● **EXERCISE**
For each line in the data below, write an exact copy.

Collected data:
★ ★ ★ ★ ★
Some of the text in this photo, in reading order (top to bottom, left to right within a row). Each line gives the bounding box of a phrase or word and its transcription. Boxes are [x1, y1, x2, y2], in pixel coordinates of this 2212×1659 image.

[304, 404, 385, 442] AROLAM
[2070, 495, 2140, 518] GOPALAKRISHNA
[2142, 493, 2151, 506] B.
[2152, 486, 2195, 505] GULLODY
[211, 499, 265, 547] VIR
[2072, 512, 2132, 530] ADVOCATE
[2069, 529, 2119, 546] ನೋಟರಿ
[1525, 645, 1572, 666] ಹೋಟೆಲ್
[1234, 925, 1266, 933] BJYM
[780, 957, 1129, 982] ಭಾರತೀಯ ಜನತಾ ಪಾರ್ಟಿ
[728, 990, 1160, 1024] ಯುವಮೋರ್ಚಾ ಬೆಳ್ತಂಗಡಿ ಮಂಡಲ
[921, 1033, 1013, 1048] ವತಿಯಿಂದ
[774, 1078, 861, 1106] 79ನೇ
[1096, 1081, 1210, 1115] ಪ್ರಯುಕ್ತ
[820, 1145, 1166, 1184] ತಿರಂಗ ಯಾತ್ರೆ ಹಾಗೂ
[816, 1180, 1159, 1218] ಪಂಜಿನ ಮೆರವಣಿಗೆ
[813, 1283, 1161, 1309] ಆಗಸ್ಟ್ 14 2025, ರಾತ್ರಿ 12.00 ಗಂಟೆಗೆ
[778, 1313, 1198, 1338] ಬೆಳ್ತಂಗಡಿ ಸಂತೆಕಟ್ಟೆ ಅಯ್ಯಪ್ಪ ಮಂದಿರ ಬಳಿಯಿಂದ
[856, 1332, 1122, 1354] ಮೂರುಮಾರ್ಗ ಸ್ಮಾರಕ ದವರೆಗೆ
★ ★ ★ ★ ★
● **FINISHED EXERCISE**
Some of the text in this photo, in reading order (top to bottom, left to right within a row). Each line gives the bounding box of a phrase or word and its transcription. Boxes are [x1, y1, x2, y2], in pixel coordinates of this 2212×1659 image.

[304, 404, 385, 442] AROLAM
[2070, 495, 2140, 518] GOPALAKRISHNA
[2142, 493, 2151, 506] B.
[2152, 486, 2195, 505] GULLODY
[211, 499, 265, 547] VIR
[2072, 512, 2132, 530] ADVOCATE
[2069, 529, 2119, 546] ನೋಟರಿ
[1525, 645, 1572, 666] ಹೋಟೆಲ್
[1234, 925, 1266, 933] BJYM
[780, 957, 1129, 982] ಭಾರತೀಯ ಜನತಾ ಪಾರ್ಟಿ
[728, 990, 1160, 1024] ಯುವಮೋರ್ಚಾ ಬೆಳ್ತಂಗಡಿ ಮಂಡಲ
[921, 1033, 1013, 1048] ವತಿಯಿಂದ
[774, 1078, 861, 1106] 79ನೇ
[1096, 1081, 1210, 1115] ಪ್ರಯುಕ್ತ
[820, 1145, 1166, 1184] ತಿರಂಗ ಯಾತ್ರೆ ಹಾಗೂ
[816, 1180, 1159, 1218] ಪಂಜಿನ ಮೆರವಣಿಗೆ
[813, 1283, 1161, 1309] ಆಗಸ್ಟ್ 14 2025, ರಾತ್ರಿ 12.00 ಗಂಟೆಗೆ
[778, 1313, 1198, 1338] ಬೆಳ್ತಂಗಡಿ ಸಂತೆಕಟ್ಟೆ ಅಯ್ಯಪ್ಪ ಮಂದಿರ ಬಳಿಯಿಂದ
[856, 1332, 1122, 1354] ಮೂರುಮಾರ್ಗ ಸ್ಮಾರಕ ದವರೆಗೆ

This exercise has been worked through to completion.